Polarisation is built into politics. You can’t become a politician without beating other politicians to the job. Political activists feed off all the same things a shock jock feeds off – sensation, indignance, self-righteousness. In this presentation, Dr Gruen shows how self-appointed spokespeople – for consumers, for business, for investors, for women, for any group, are usually hugely unrepresentative of the group they claim to be representing and explores ways your organisation can cut through to deal with the people themselves.

Six ways to tell if your strategy retreats is a waste of time:  And five ways to ensure it isn’t. (Alternative title for talk below)

Six ways to tell if you’re REALLY thinking strategically

It’s crucial for your business to get its strategy right. Often, we go away and agree on some central goal – say, a mission or where you want to be in 10 years’ time, and then work out how you’ll get there working down from high levels to detail. Yet, this is a kind of ‘anti-thinking’. The goals and capabilities you need to get there are interdependent.

Dr Gruen will look at six things you really need to do to get your strategy as good as it can be.

The culture wars. How they’re holding us back and what to do about it.

The whole way ‘culture war’ works is this: People pick sides. They then imagine they’re the good guys and the others are the baddies. Because both sides focus on how the other side is mad, bad or both, each side misses the wood for the trees. What they miss is how the others’ perspective can improve their own and how that can lead them both on a journey of transformation.

Dr Gruen shows how this works in education, in economics, in health and in many other areas before explaining how we can tackle culture war and build a better world.

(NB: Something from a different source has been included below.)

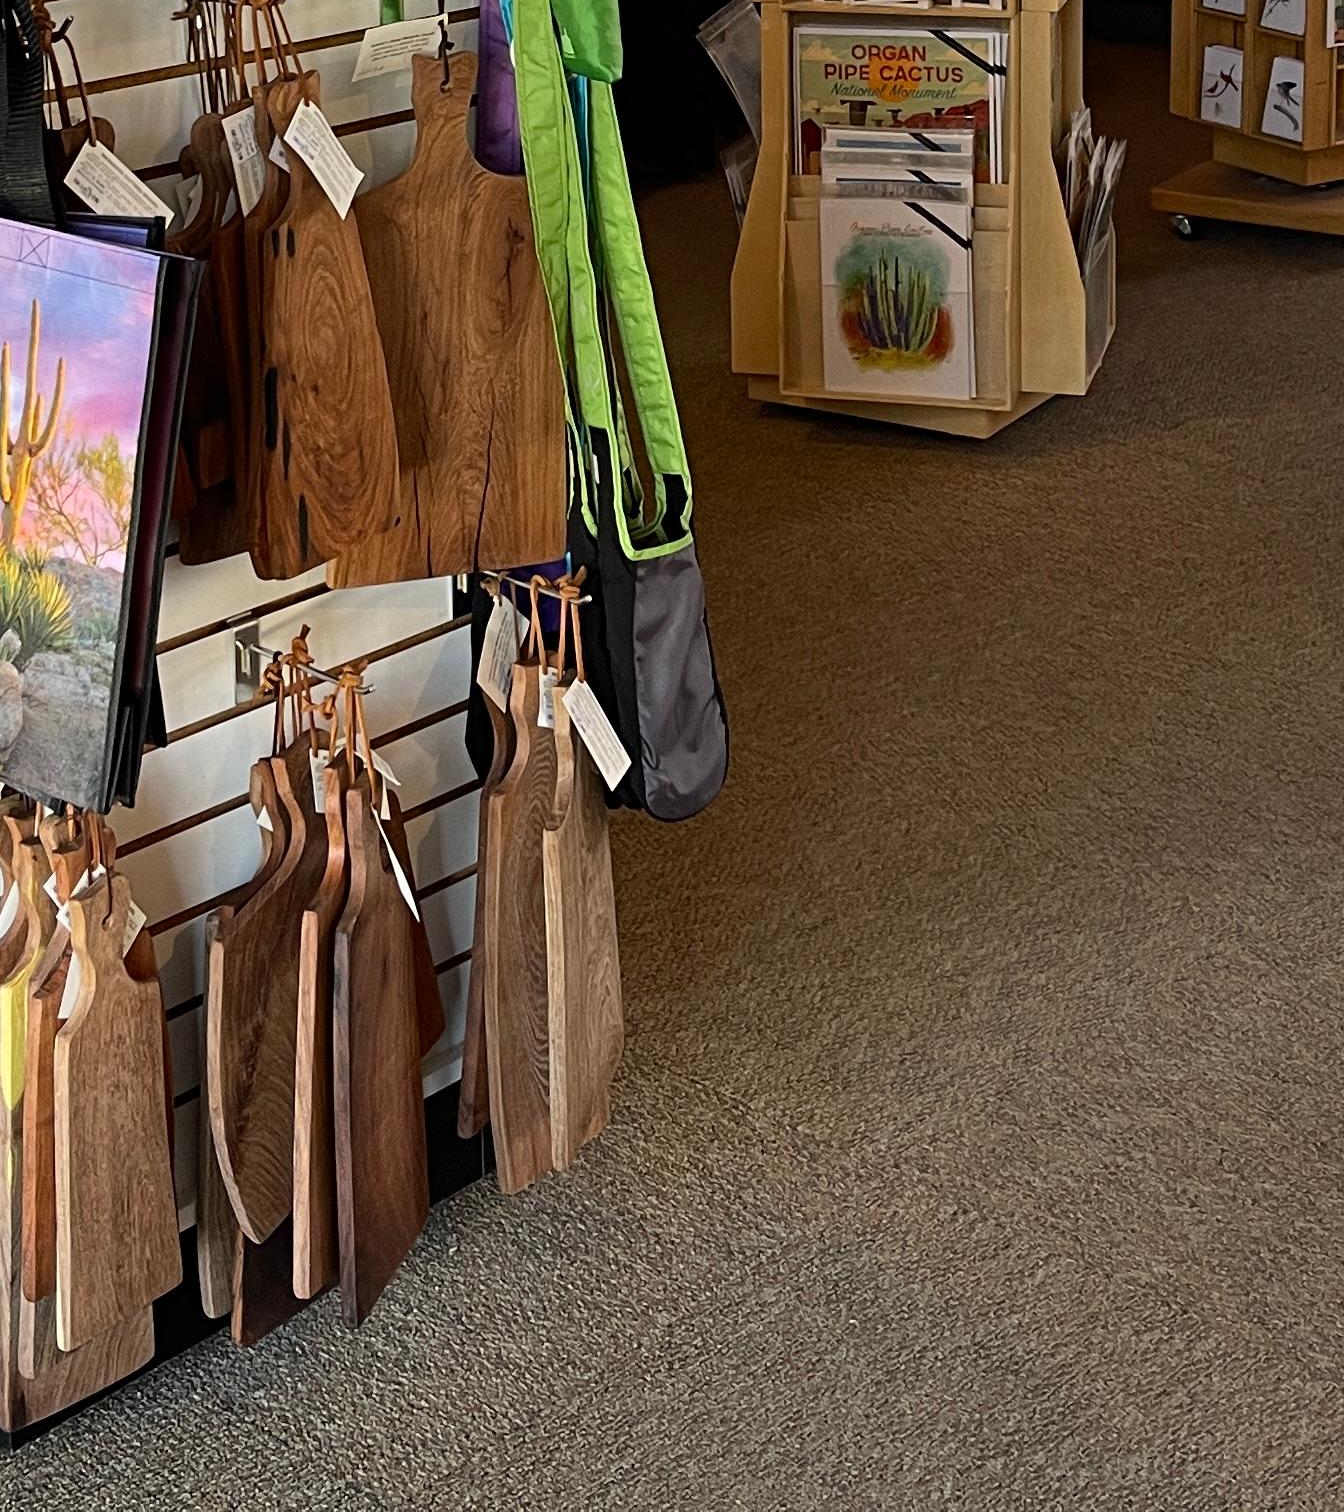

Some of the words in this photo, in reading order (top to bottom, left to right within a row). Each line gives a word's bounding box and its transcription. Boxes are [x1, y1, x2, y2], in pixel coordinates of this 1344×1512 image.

Is GDP all there is? Better approaches to measuring our well-being

Everyone complains that GDP is a poor measure of human well-being. In this talk, Dr Gruen will explain why GDP isn’t that bad. But not for the reasons you think. He will also explain why many attempts to provide more ‘holistic’ measures of well-being amount to little more than distractions. He’ll show how Lateral Economics built the Herald/Age Lateral Economics index of wellbeing published in the Fairfax dailies every quarter and look at other promising ways we could improve both well-being and GDP.

Economics: What’s it good for?

Economics is a premier discipline – the social science that everyone takes seriously. Economists are asked to predict the future, but while meteorologists have got three times better, economists haven’t got any better in the last 50 years. In this talk, Dr Gruen will show you how poor economics has been at answering the questions many ask of it, but how it could be used to make the world a better place.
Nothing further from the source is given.